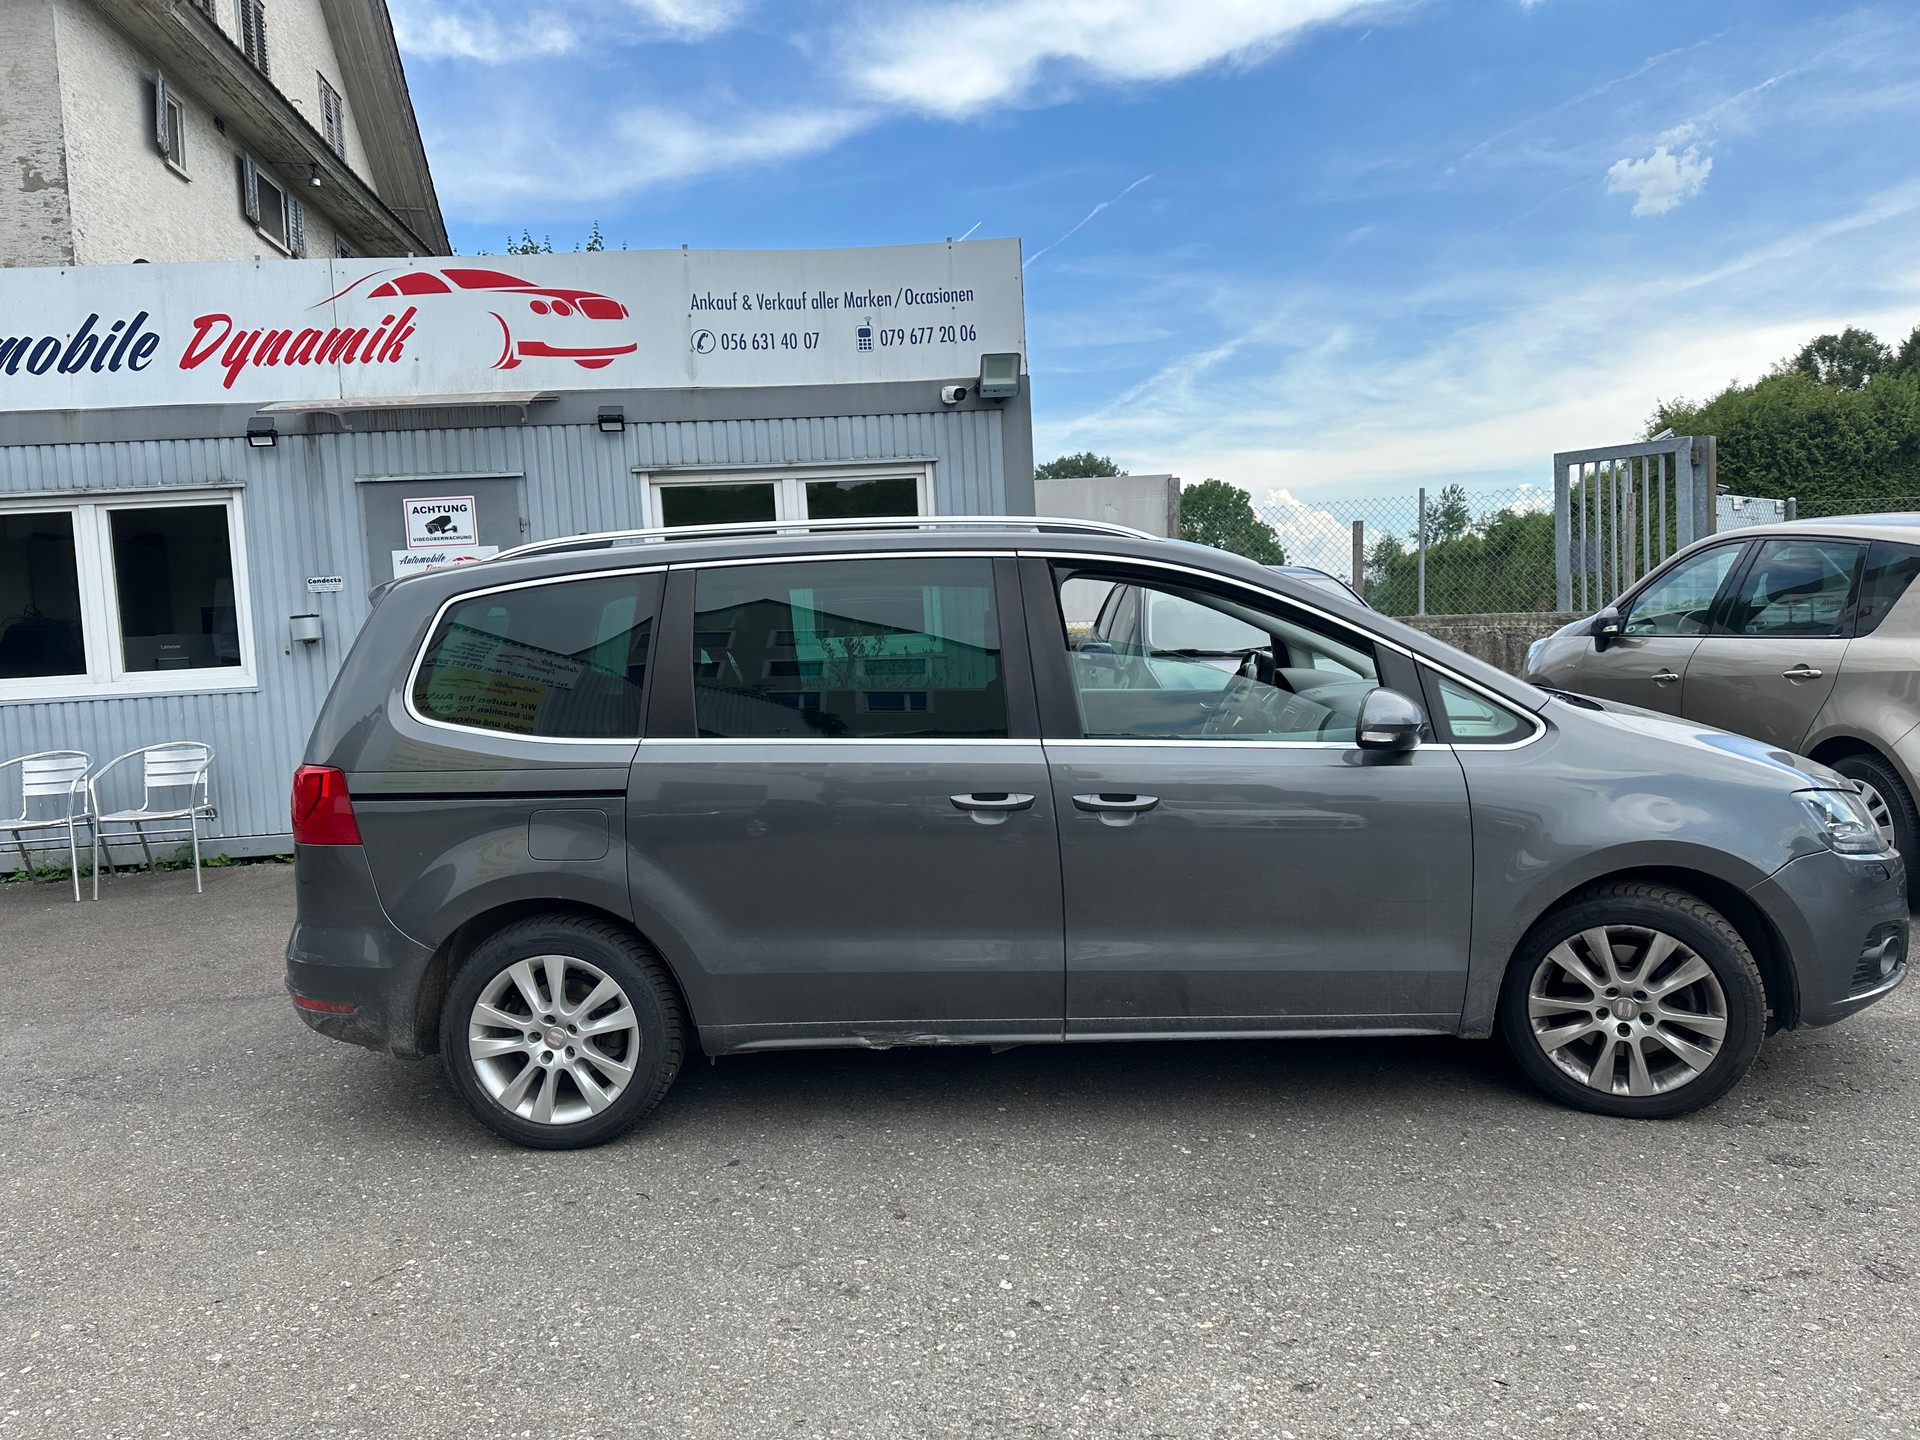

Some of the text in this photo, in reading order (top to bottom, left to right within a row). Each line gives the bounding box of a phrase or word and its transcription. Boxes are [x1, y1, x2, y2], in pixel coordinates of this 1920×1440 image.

[690, 292, 738, 311] Ankauf
[742, 295, 753, 311] &
[756, 291, 807, 311] Verkauf
[811, 291, 840, 310] aller
[721, 332, 820, 351] 056 631 40 07
[880, 325, 977, 347] 079 677 20 06
[179, 306, 418, 390] Dynamik
[412, 504, 468, 514] ACHTUNG
[413, 534, 472, 542] VIDEOÜBERWACHUNG
[400, 553, 446, 565] Automobile

:::::

All of the entries must be reproduced exactly, apart from the pictures, which are to be dropped.

Output for this exercise:
Some of the text in this photo, in reading order (top to bottom, left to right within a row). Each line gives the bounding box of a phrase or word and its transcription. Boxes are [x1, y1, x2, y2], in pixel coordinates of this 1920×1440 image.

[690, 292, 738, 311] Ankauf
[742, 295, 753, 311] &
[756, 291, 807, 311] Verkauf
[811, 291, 840, 310] aller
[721, 332, 820, 351] 056 631 40 07
[880, 325, 977, 347] 079 677 20 06
[179, 306, 418, 390] Dynamik
[412, 504, 468, 514] ACHTUNG
[413, 534, 472, 542] VIDEOÜBERWACHUNG
[400, 553, 446, 565] Automobile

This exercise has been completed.